_Work instructions_:
Exclude images, then output the remaining data verbatim.

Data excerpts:

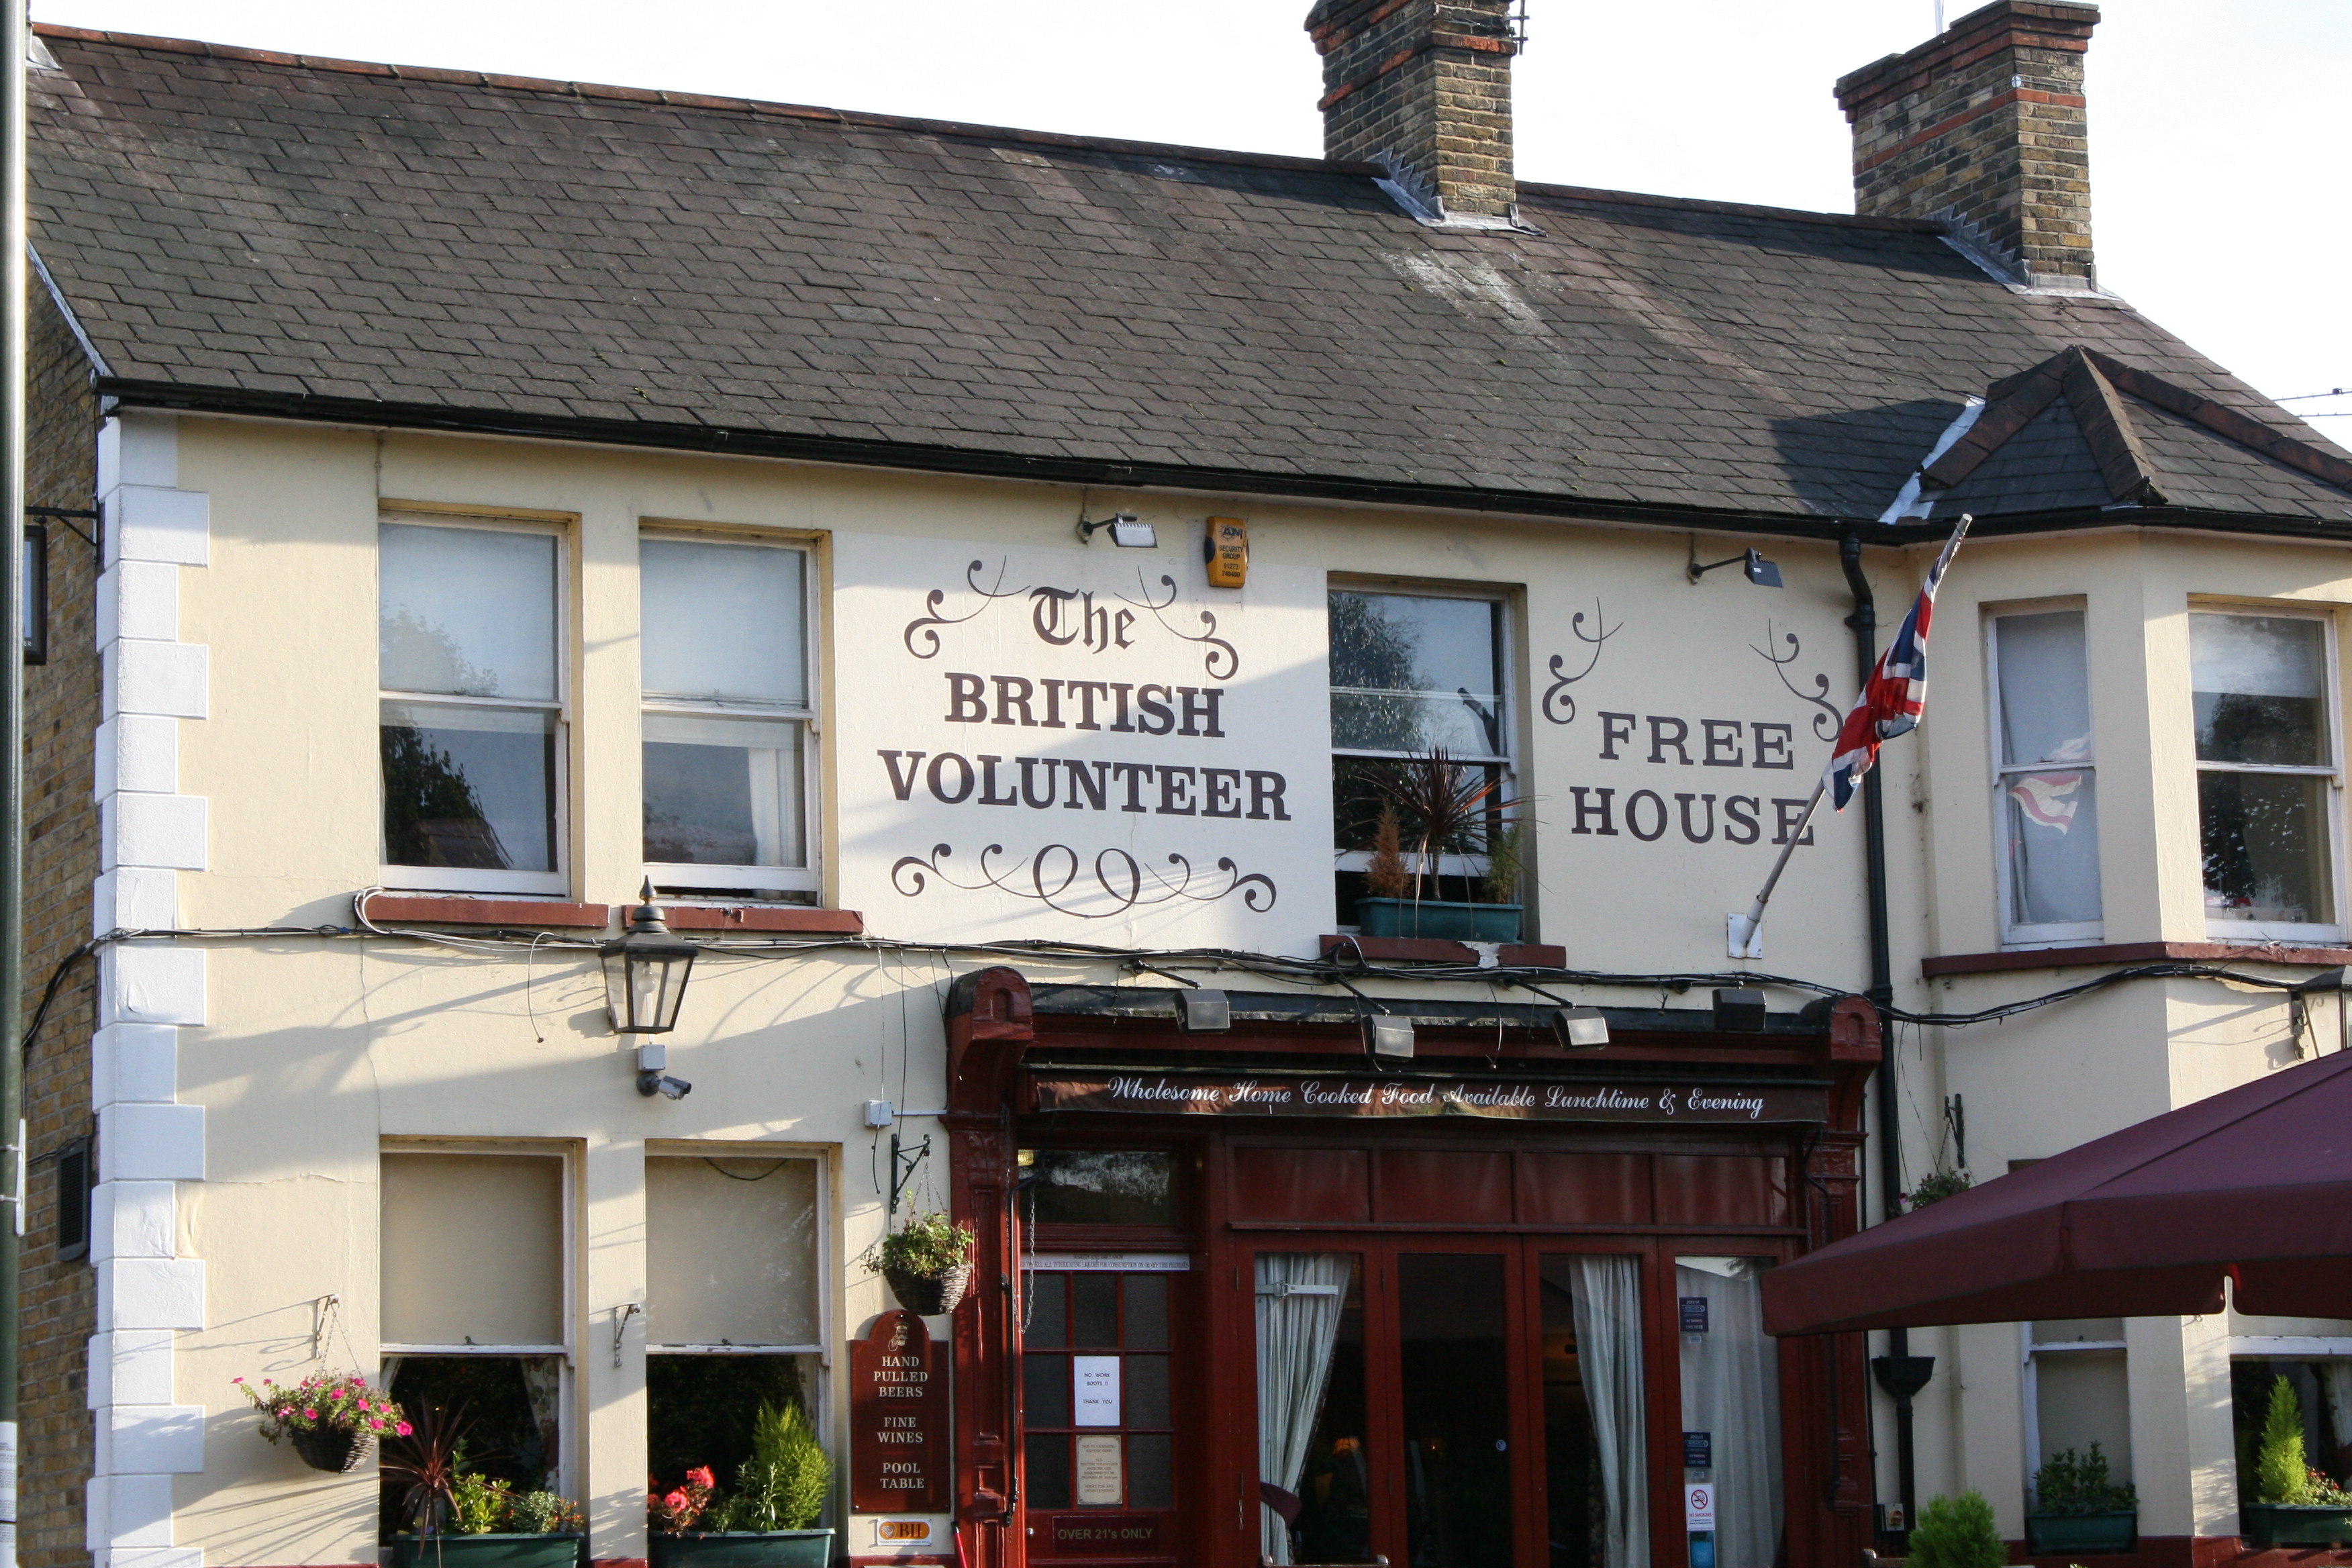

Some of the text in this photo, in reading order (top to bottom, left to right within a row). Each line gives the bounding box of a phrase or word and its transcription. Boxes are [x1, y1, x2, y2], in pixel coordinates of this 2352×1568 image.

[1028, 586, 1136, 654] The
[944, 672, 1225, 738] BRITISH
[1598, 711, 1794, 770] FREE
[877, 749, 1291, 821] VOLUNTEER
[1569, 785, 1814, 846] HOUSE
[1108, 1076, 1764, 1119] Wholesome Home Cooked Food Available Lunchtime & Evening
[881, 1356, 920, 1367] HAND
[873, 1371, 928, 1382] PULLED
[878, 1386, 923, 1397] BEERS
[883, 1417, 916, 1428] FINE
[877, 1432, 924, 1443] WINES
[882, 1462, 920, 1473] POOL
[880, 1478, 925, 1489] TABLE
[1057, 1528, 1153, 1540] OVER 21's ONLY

_Solution_:
Some of the text in this photo, in reading order (top to bottom, left to right within a row). Each line gives the bounding box of a phrase or word and its transcription. Boxes are [x1, y1, x2, y2], in pixel coordinates of this 2352×1568 image.

[1028, 586, 1136, 654] The
[944, 672, 1225, 738] BRITISH
[1598, 711, 1794, 770] FREE
[877, 749, 1291, 821] VOLUNTEER
[1569, 785, 1814, 846] HOUSE
[1108, 1076, 1764, 1119] Wholesome Home Cooked Food Available Lunchtime & Evening
[881, 1356, 920, 1367] HAND
[873, 1371, 928, 1382] PULLED
[878, 1386, 923, 1397] BEERS
[883, 1417, 916, 1428] FINE
[877, 1432, 924, 1443] WINES
[882, 1462, 920, 1473] POOL
[880, 1478, 925, 1489] TABLE
[1057, 1528, 1153, 1540] OVER 21's ONLY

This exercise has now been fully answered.